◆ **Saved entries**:
================================
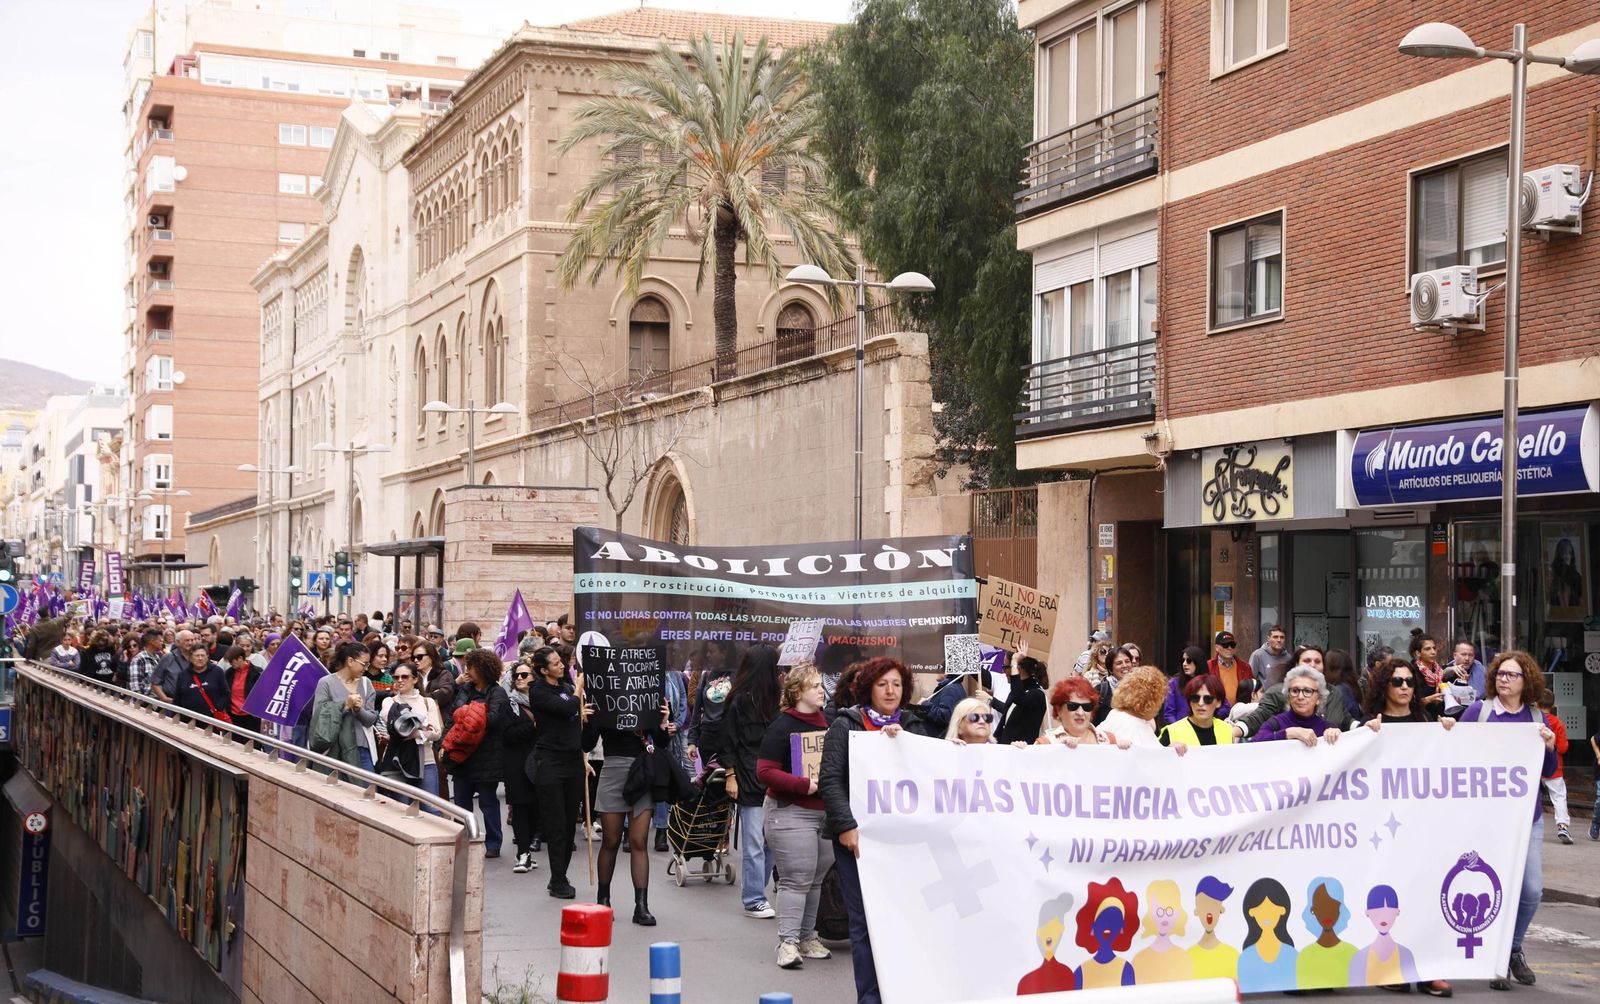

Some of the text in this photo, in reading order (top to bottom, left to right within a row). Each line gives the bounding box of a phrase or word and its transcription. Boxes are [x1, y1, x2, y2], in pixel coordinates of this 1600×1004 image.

[1388, 424, 1566, 471] Mundo Caello
[1398, 465, 1553, 490] ARTÍCULOS DE PELUQUERÍA STÉTICA
[80, 562, 94, 591] CCO
[579, 578, 970, 601] Género Prostitución Pornografía Vientres de alquiler
[1017, 587, 1035, 605] NO
[1039, 595, 1058, 612] ERA
[990, 595, 1042, 621] UNA ZORRA
[1365, 595, 1421, 608] LA TREMENDA
[585, 611, 596, 620] SI
[598, 611, 612, 620] NO
[614, 611, 651, 620] LUCHAS
[653, 611, 692, 620] CONTRA
[695, 612, 727, 621] TODAS
[729, 613, 749, 622] LAS
[844, 618, 862, 627] LAS
[863, 618, 907, 628] MUJERES
[908, 615, 967, 626] (FEMINISMO)
[986, 609, 996, 621] EL
[1033, 624, 1049, 636] ERAS
[660, 629, 692, 640] ERES
[694, 630, 732, 641] PARTE
[735, 631, 757, 641] DEL
[827, 634, 898, 648] (MACHISMO)
[589, 647, 657, 659] SI TE ATREVES
[607, 660, 660, 673] A TOCARME
[924, 663, 939, 671] aquí
[586, 673, 660, 690] NO TE ATREVAS
[605, 692, 661, 712] DORMIR
[866, 765, 1529, 820] NO MÁS VIOLENCIA CONTRA LAS MUJERES
[1068, 821, 1358, 864] NI PARAMOS NI CALLAMOS
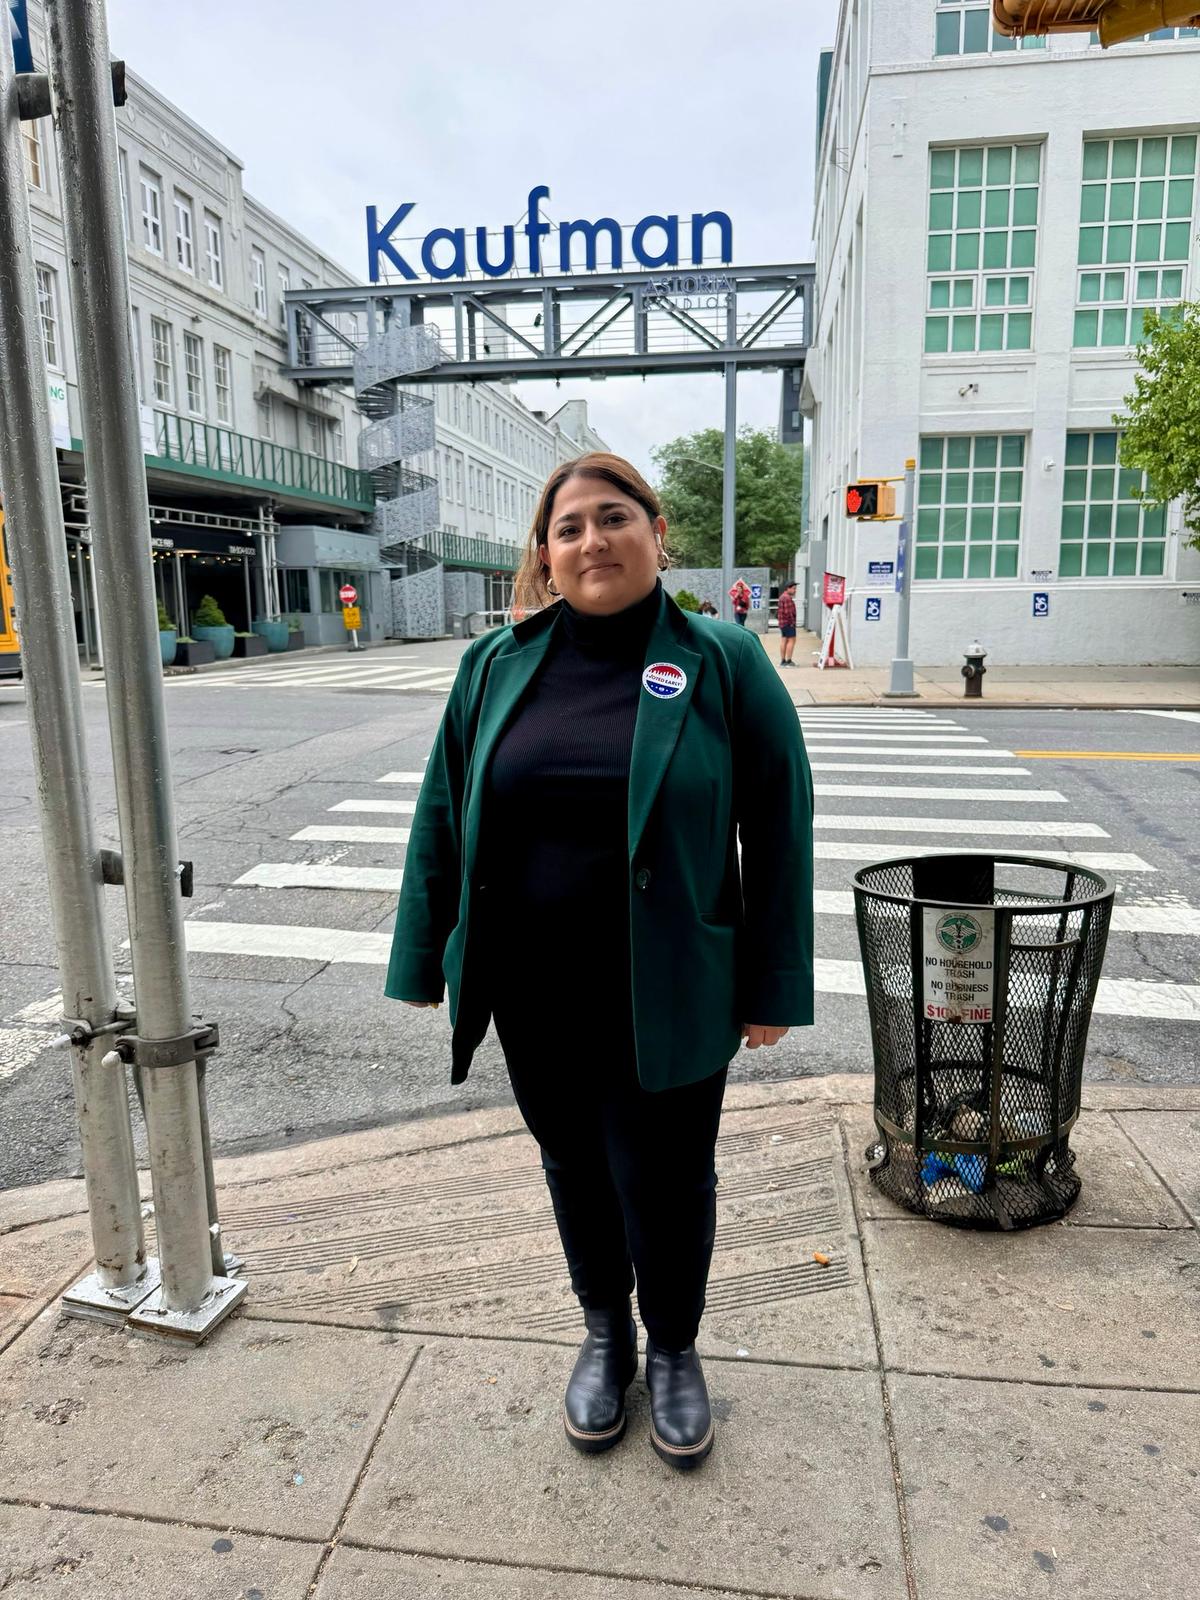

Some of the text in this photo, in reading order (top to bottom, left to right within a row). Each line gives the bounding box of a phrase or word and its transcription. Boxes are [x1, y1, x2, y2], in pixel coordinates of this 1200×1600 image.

[366, 185, 733, 283] Kaufman
[642, 274, 734, 298] ASTORIA
[925, 956, 993, 970] NO HOUSEHOLD
[945, 968, 975, 979] TRASH
[931, 980, 989, 993] NO BUSINESS
[944, 991, 975, 1001] TRASH
[961, 1008, 992, 1021] FINE
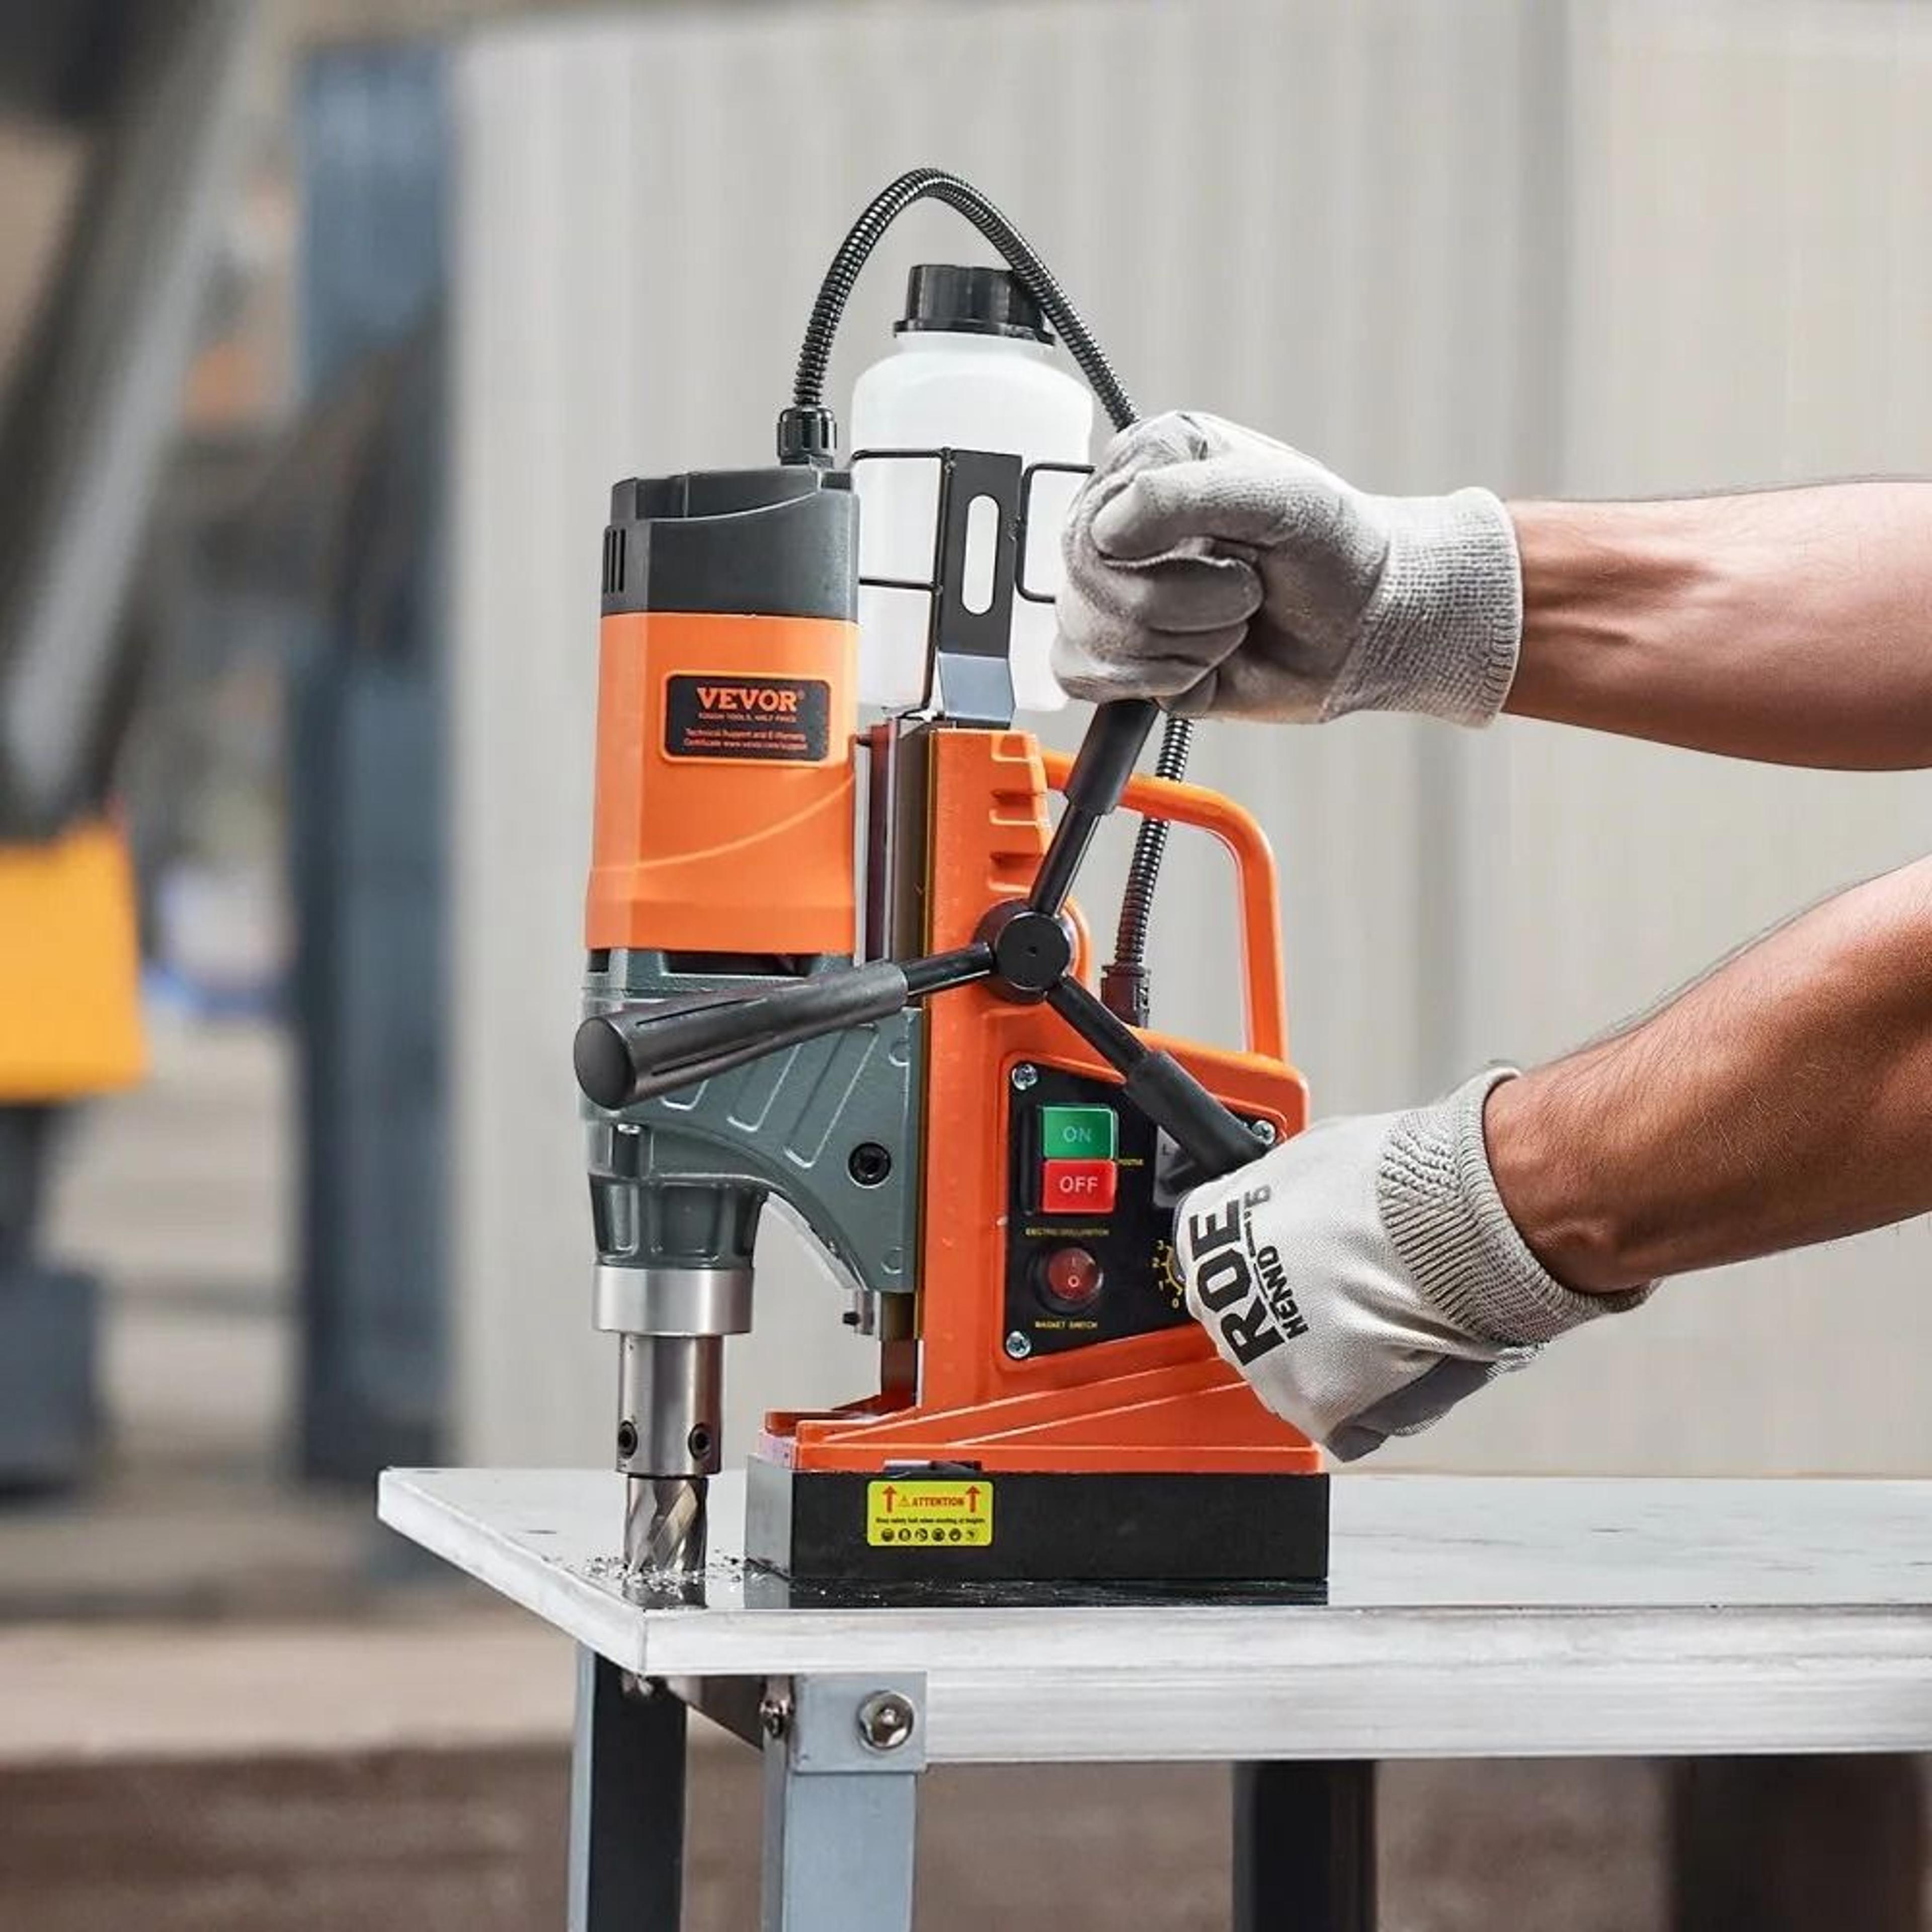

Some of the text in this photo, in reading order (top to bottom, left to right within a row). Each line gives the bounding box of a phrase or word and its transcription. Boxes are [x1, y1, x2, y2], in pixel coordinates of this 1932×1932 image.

[697, 687, 797, 712] VEVOR
[1063, 1125, 1092, 1143] ON
[1060, 1176, 1098, 1193] OFF
[1188, 1199, 1286, 1366] ROE
[912, 1497, 965, 1507] ATTENTION
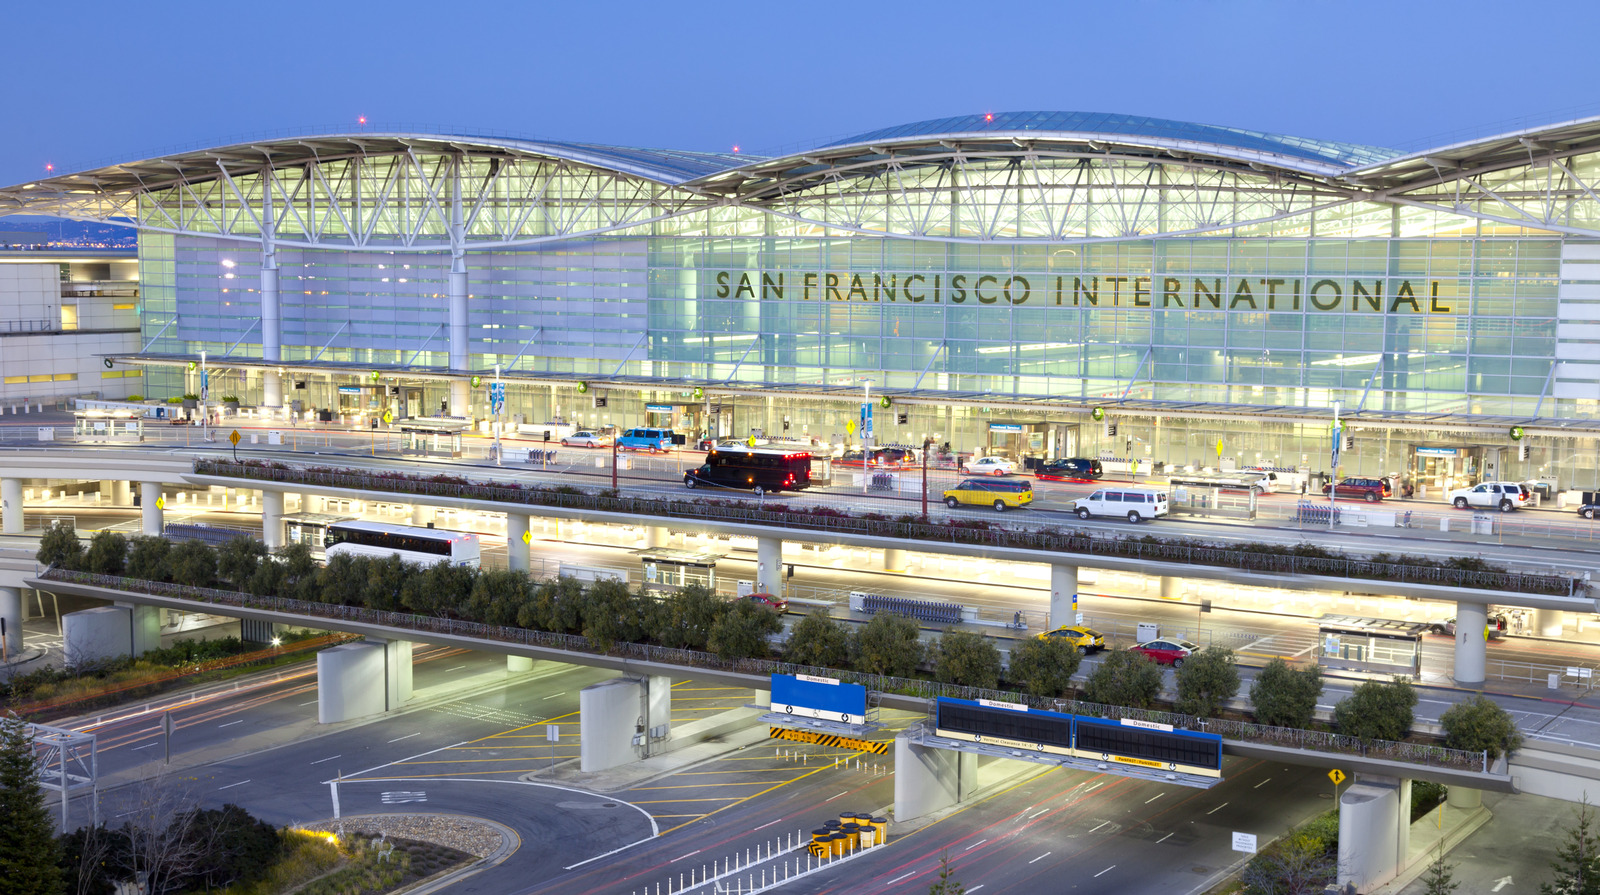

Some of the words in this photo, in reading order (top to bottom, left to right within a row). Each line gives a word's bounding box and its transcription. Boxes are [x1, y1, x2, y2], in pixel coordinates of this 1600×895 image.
================================
◆ **Problem description**: The images are to be left out; every line above should be set down exactly.

◆ **Result of this exercise**:
Some of the text in this photo, in reading order (top to bottom, left to right within a row). Each line gives the bounding box of a phrase or word and its transcription. Boxes are [x1, y1, x2, y2], in pixel coordinates of this 1600×1004 image.

[1388, 424, 1566, 471] Mundo Caello
[1398, 465, 1553, 490] ARTÍCULOS DE PELUQUERÍA STÉTICA
[80, 562, 94, 591] CCO
[579, 578, 970, 601] Género Prostitución Pornografía Vientres de alquiler
[1017, 587, 1035, 605] NO
[1039, 595, 1058, 612] ERA
[990, 595, 1042, 621] UNA ZORRA
[1365, 595, 1421, 608] LA TREMENDA
[585, 611, 596, 620] SI
[598, 611, 612, 620] NO
[614, 611, 651, 620] LUCHAS
[653, 611, 692, 620] CONTRA
[695, 612, 727, 621] TODAS
[729, 613, 749, 622] LAS
[844, 618, 862, 627] LAS
[863, 618, 907, 628] MUJERES
[908, 615, 967, 626] (FEMINISMO)
[986, 609, 996, 621] EL
[1033, 624, 1049, 636] ERAS
[660, 629, 692, 640] ERES
[694, 630, 732, 641] PARTE
[735, 631, 757, 641] DEL
[827, 634, 898, 648] (MACHISMO)
[589, 647, 657, 659] SI TE ATREVES
[607, 660, 660, 673] A TOCARME
[924, 663, 939, 671] aquí
[586, 673, 660, 690] NO TE ATREVAS
[605, 692, 661, 712] DORMIR
[866, 765, 1529, 820] NO MÁS VIOLENCIA CONTRA LAS MUJERES
[1068, 821, 1358, 864] NI PARAMOS NI CALLAMOS

Some of the text in this photo, in reading order (top to bottom, left to right within a row). Each line gives the bounding box of a phrase or word and its transcription. Boxes are [x1, y1, x2, y2], in pixel coordinates of this 1200×1600 image.

[366, 185, 733, 283] Kaufman
[642, 274, 734, 298] ASTORIA
[925, 956, 993, 970] NO HOUSEHOLD
[945, 968, 975, 979] TRASH
[931, 980, 989, 993] NO BUSINESS
[944, 991, 975, 1001] TRASH
[961, 1008, 992, 1021] FINE

Some of the text in this photo, in reading order (top to bottom, left to right within a row). Each line gives the bounding box of a phrase or word and its transcription. Boxes are [x1, y1, x2, y2], in pixel coordinates of this 1932×1932 image.

[697, 687, 797, 712] VEVOR
[1063, 1125, 1092, 1143] ON
[1060, 1176, 1098, 1193] OFF
[1188, 1199, 1286, 1366] ROE
[912, 1497, 965, 1507] ATTENTION

Some of the words in this photo, in reading order (top to bottom, left to right within a row). Each line gives a word's bounding box and its transcription. Boxes are [x1, y1, x2, y2], in pixel coordinates of this 1600×895 image.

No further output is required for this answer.